2012 crime in England

The 2012 Derby arson attack occurred on 11 May 2012 at 18 Victory Road, a semi-detached house (since demolished) in Allenton, Derby, Derbyshire, England. Five children died at the scene, while the oldest later died in hospital. The parents of the children, Mairead and Mick Philpott, along with their friend Paul Mosley, were later arrested and charged with murder. In December 2012 their charges were downgraded to manslaughter. On 2 April 2013, Mick Philpott and Paul Mosley were found guilty by unanimous verdicts, while Mairead Philpott was found guilty by majority verdict.

==Fire==
The children were asleep upstairs in the house when the fire began, with their parents downstairs. Their father, Mick Philpott, was reported to have made "valiant" attempts to save them. Jade Philpott (10), John Philpott (9), Jack Philpott (7), Jesse Philpott (6) and Jayden Philpott (5) were all killed in the fire; post-mortem tests revealed the children died of smoke inhalation. Their half-brother, Duwayne Philpott (13) died in hospital two days later. Jade, John, Jack, and Jesse attended St George's Catholic Primary School, and Duwayne was a student at Saint Benedict Catholic School.

Police confirmed that the fire was started deliberately, with petrol underneath the letterbox, in an act of arson, stating that "Initial indications are that it was deliberately set and as a result six children have been unlawfully killed."

A church service was held in memory of the children at the Catholic church of St George's in Littleover. A charity, Catch Me When I Fall, was set up by residents to help the family of the children. A book of condolence at Derby Cathedral was later signed by hundreds of people.

==Arrests==
A 38-year-old man and a 28-year-old woman were arrested on suspicion of murder but were later released without charge following questioning. Following the release of the pair Assistant Chief Constable Steve Cotterill said that "While I thank those members of the community who have come forward with information I am surprised by how few people have contacted us. Normally in cases of this scale, more information is passed to the police...I strongly suspect that there is someone out there in the community who knows more than we are being told."

The parents of the children, Mick and Mairead Philpott, were arrested on suspicion of murder on 29 May and charged with their murders the following day.

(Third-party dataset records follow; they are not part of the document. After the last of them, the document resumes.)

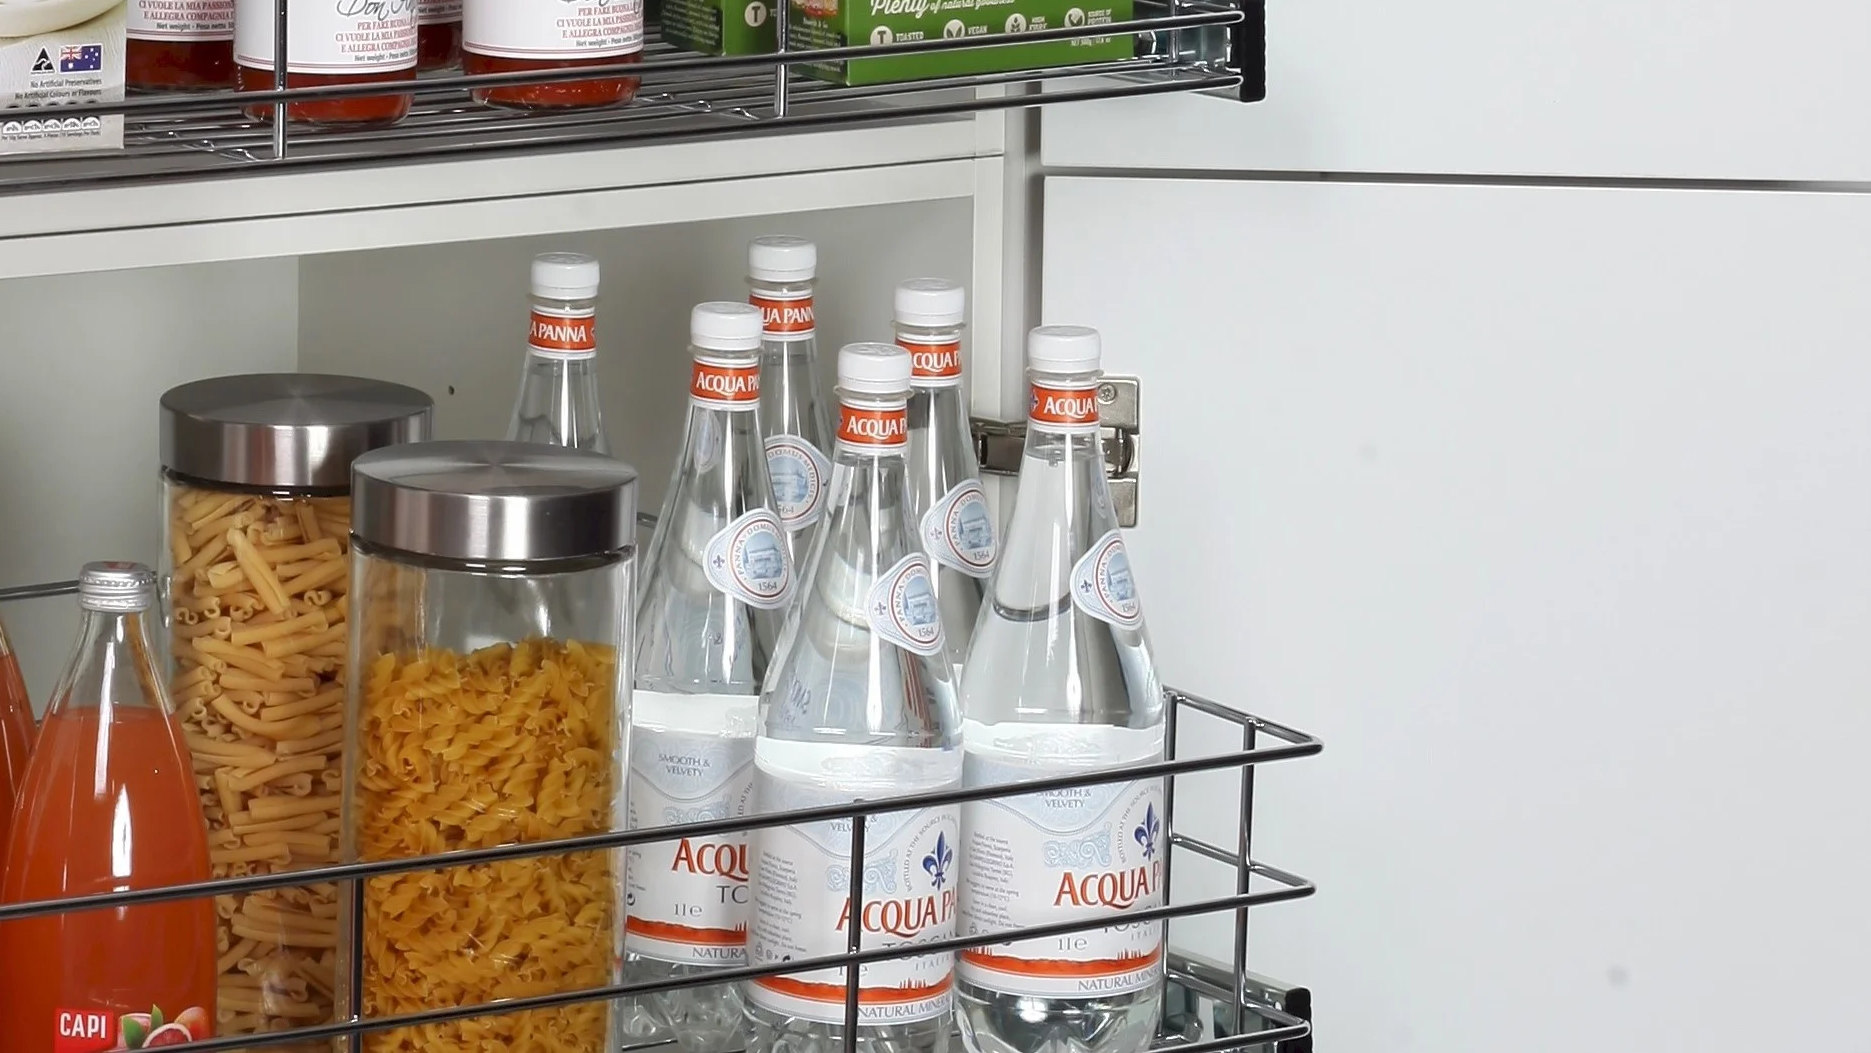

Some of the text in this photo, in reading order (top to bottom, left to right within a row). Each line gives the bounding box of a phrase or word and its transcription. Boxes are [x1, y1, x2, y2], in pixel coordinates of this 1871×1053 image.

[930, 1, 940, 14] of
[896, 31, 924, 42] TOASTED
[968, 25, 988, 35] VEGAN
[39, 79, 64, 88] Artificial
[64, 78, 102, 87] Preservatives
[24, 91, 49, 100] Artificial
[538, 323, 587, 343] PANNA
[696, 371, 746, 396] ACQUA
[1043, 396, 1094, 419] ACQUA
[846, 416, 898, 440] ACQUA
[973, 552, 990, 561] 1564
[758, 580, 778, 591] 1564
[918, 628, 935, 638] 1564
[658, 753, 711, 767] SMOOTH &
[665, 765, 704, 777] VELVETY
[1044, 799, 1085, 809] VELVETY
[1053, 866, 1150, 910] ACQUA
[1078, 975, 1134, 992] NATURAL
[857, 1003, 916, 1018] NATURAL
[60, 1012, 107, 1039] CAPI
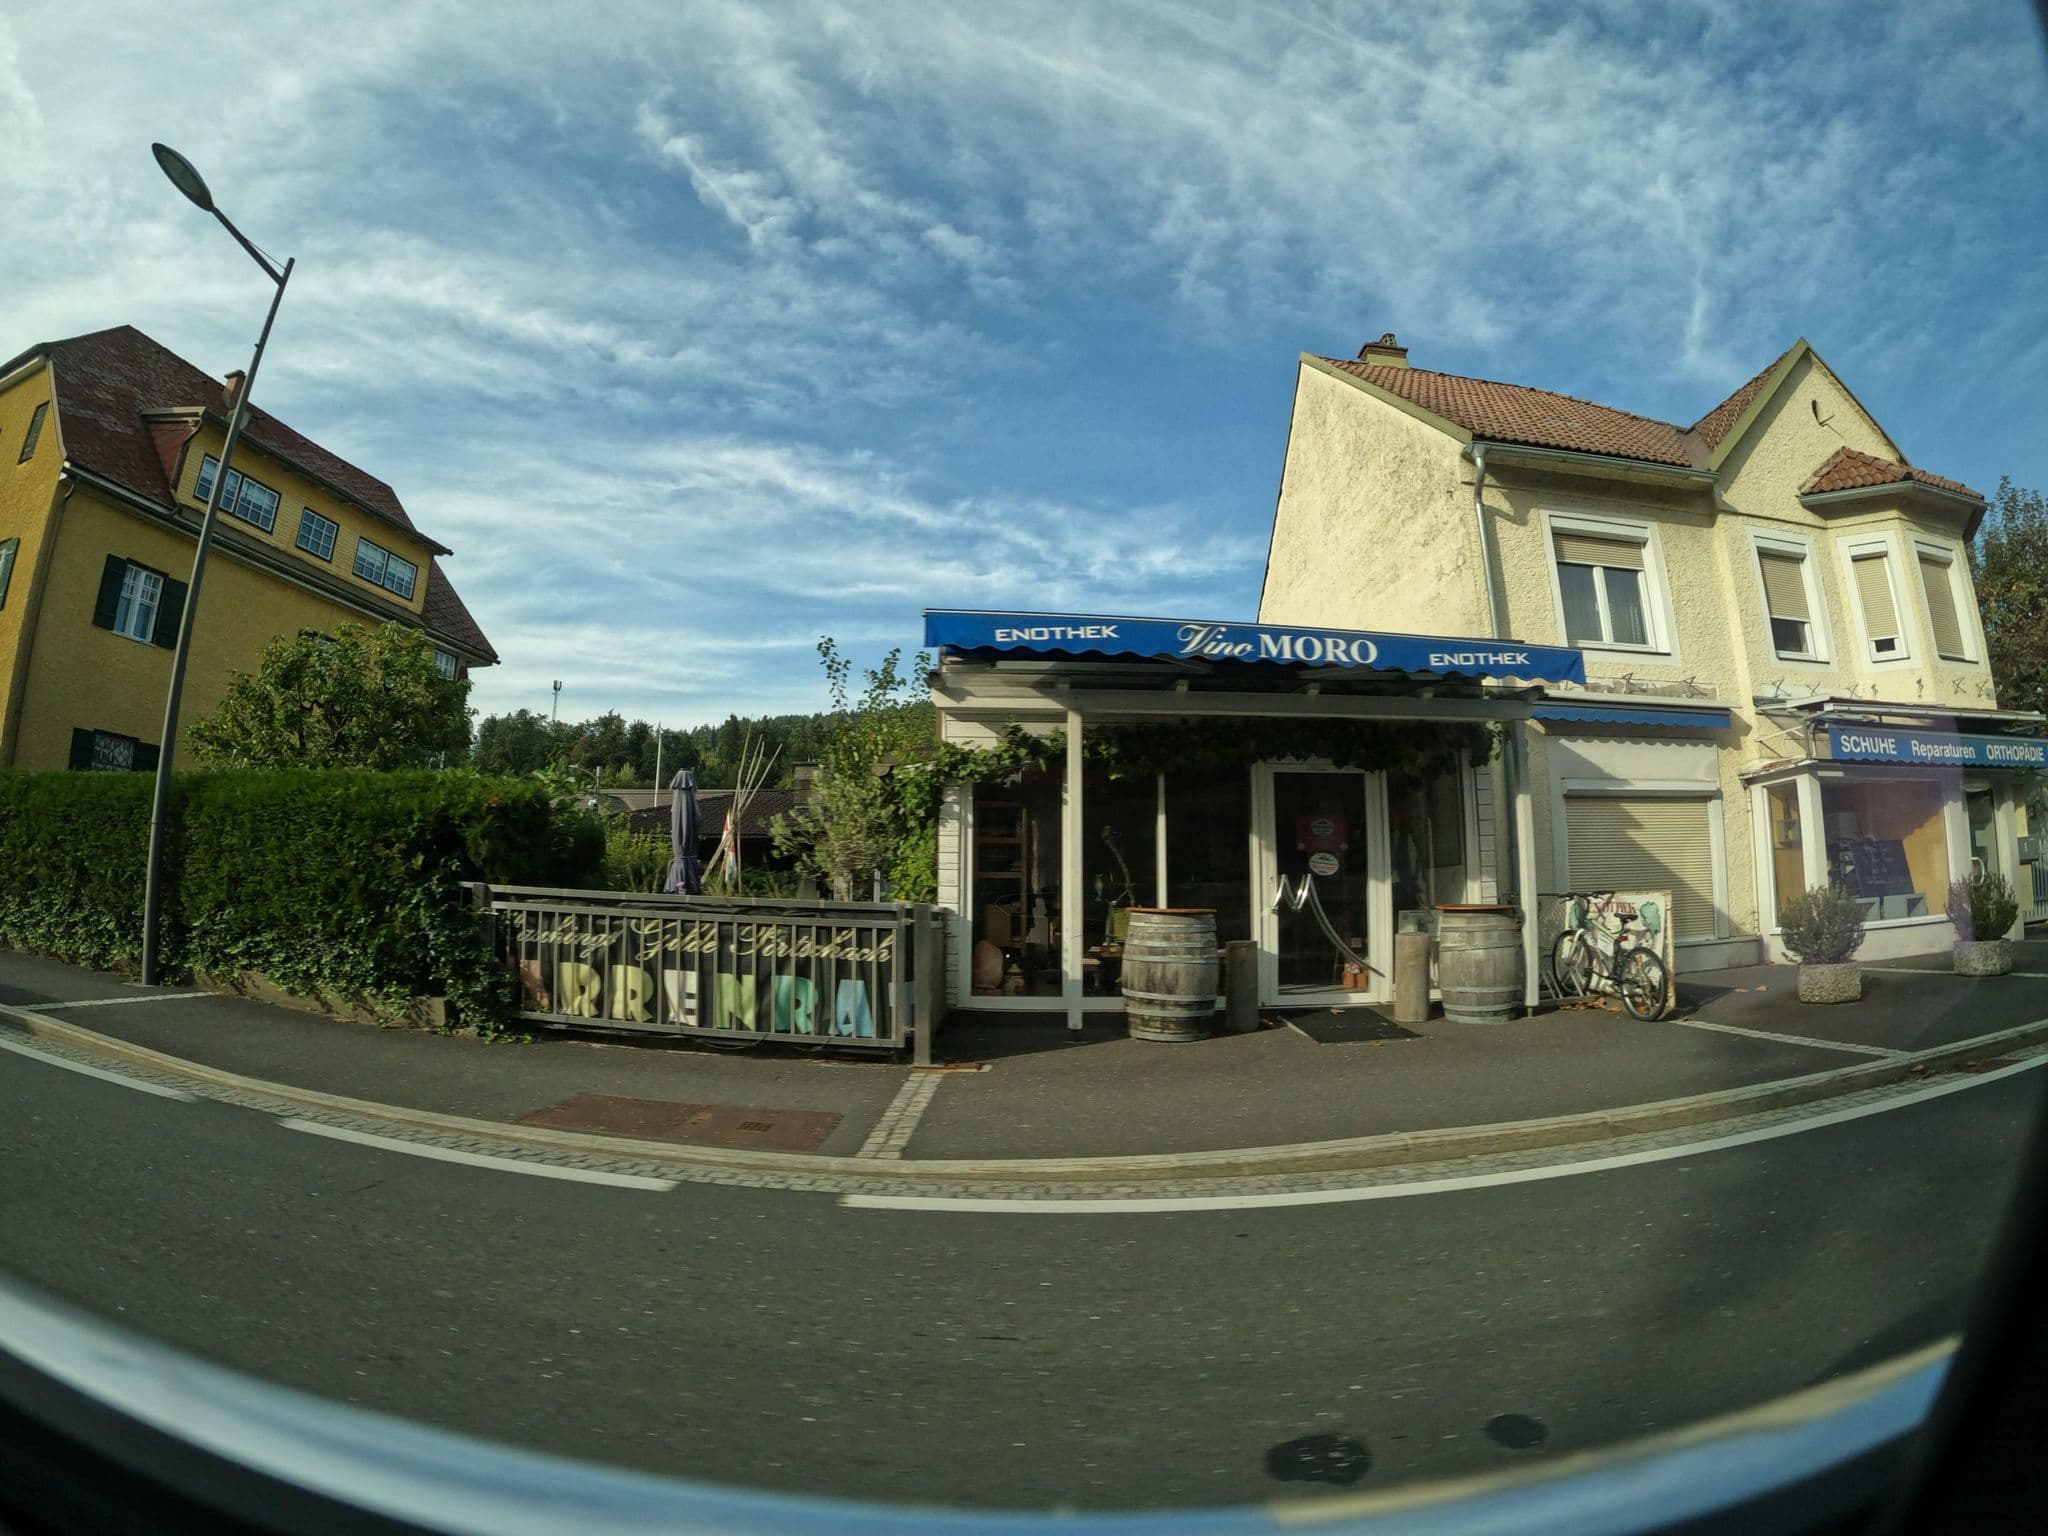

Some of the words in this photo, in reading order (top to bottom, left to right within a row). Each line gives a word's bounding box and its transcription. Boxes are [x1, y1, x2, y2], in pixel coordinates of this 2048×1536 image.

[994, 625, 1120, 642] ENOTHEK
[1177, 624, 1254, 657] Vino
[1258, 633, 1378, 664] MORO
[1429, 652, 1530, 666] ENOTHEK
[1840, 735, 1898, 755] SCHUHE
[1911, 740, 1976, 760] Reparaturen
[1986, 742, 2045, 762] ORTHOPÄDIE
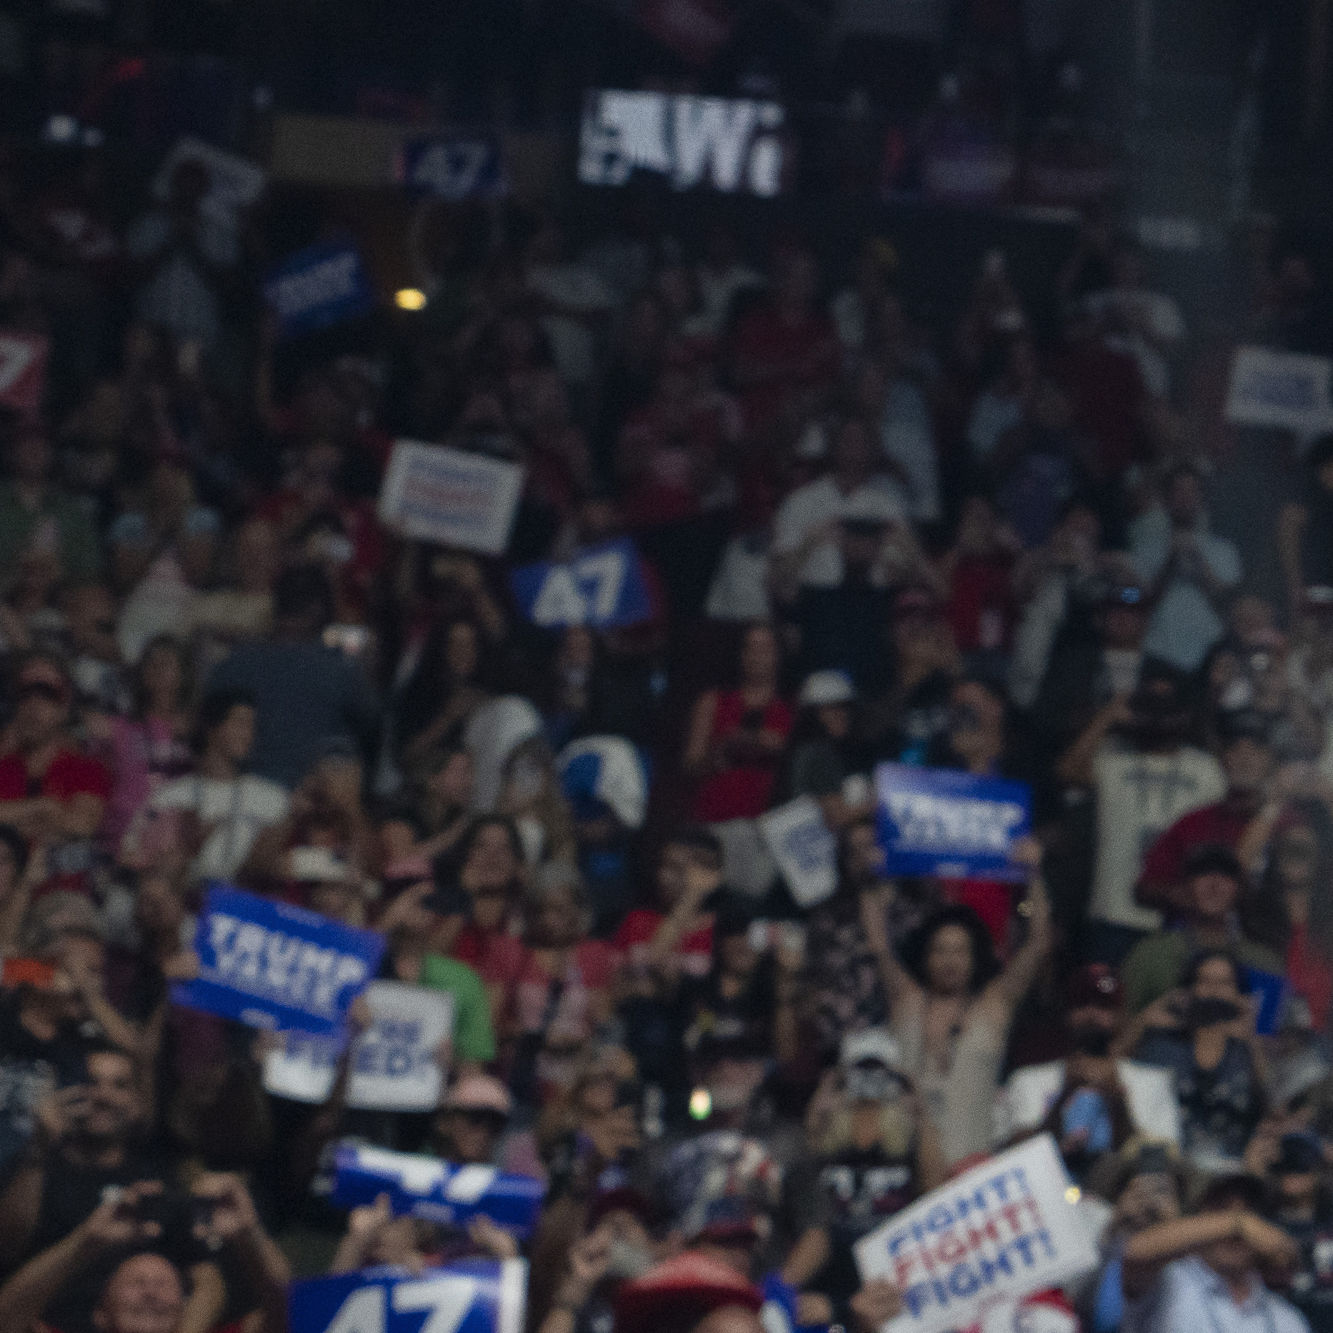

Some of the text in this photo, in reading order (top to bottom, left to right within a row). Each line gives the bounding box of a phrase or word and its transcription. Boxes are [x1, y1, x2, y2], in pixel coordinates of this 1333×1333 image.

On 5 November 2012, a 49-year-old man and a 45-year-old man were arrested on suspicion of murder. Later that day, the 45-year-old man, Paul Mosley, was charged with murder. The other man was released without charge. Mosley appeared in court the following day. In December 2012 his charge was downgraded to manslaughter. Paul Mosley had previously been arrested in the inquiry and was released on bail in June 2012. He was re-arrested and charged when petrol was found on his clothing following further forensic examination.

==Trial==
The criminal trial began on 12 February 2013 at Nottingham Crown Court before judge Kathryn Thirlwall. Richard Latham QC led the prosecution on behalf of the Crown Prosecution Service. Anthony Orchard QC led the defence for Mick Philpott, Sean Smith QC led the defence for Mairead Philpott, and Benjamin Nolan QC led the defence for Mosley. On 2 April, Mick and Mairead Philpott, along with Paul Mosley, were each found guilty of the manslaughter of the six children. On 4 April, Philpott received a sentence of life imprisonment, and will serve a minimum of 15 years, while his wife and Mosley received 17 years imprisonment for their part.

==Aftermath==
On 30 September 2013, the Philpott house was demolished with the roof being demolished first. Although plans for a garden were proposed, they were rejected. Today, a social housing block occupies the site of the fire.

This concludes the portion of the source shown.